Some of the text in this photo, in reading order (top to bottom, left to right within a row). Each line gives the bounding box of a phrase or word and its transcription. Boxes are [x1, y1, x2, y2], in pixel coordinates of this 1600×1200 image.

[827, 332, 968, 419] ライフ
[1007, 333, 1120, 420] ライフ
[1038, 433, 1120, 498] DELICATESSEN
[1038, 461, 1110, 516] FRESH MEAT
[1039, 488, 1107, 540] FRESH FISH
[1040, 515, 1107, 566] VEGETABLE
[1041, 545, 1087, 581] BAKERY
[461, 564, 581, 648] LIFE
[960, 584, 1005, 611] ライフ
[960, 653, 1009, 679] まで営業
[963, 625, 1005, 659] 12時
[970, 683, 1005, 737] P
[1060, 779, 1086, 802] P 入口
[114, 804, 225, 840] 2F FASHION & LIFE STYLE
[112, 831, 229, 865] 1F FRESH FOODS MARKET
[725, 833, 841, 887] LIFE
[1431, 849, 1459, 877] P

#####

§ **Problem**:
Your task is to reproduce all the records above exactly as they appear.

§ **Answer to the problem**:
Some of the text in this photo, in reading order (top to bottom, left to right within a row). Each line gives the bounding box of a phrase or word and its transcription. Boxes are [x1, y1, x2, y2], in pixel coordinates of this 1600×1200 image.

[827, 332, 968, 419] ライフ
[1007, 333, 1120, 420] ライフ
[1038, 433, 1120, 498] DELICATESSEN
[1038, 461, 1110, 516] FRESH MEAT
[1039, 488, 1107, 540] FRESH FISH
[1040, 515, 1107, 566] VEGETABLE
[1041, 545, 1087, 581] BAKERY
[461, 564, 581, 648] LIFE
[960, 584, 1005, 611] ライフ
[960, 653, 1009, 679] まで営業
[963, 625, 1005, 659] 12時
[970, 683, 1005, 737] P
[1060, 779, 1086, 802] P 入口
[114, 804, 225, 840] 2F FASHION & LIFE STYLE
[112, 831, 229, 865] 1F FRESH FOODS MARKET
[725, 833, 841, 887] LIFE
[1431, 849, 1459, 877] P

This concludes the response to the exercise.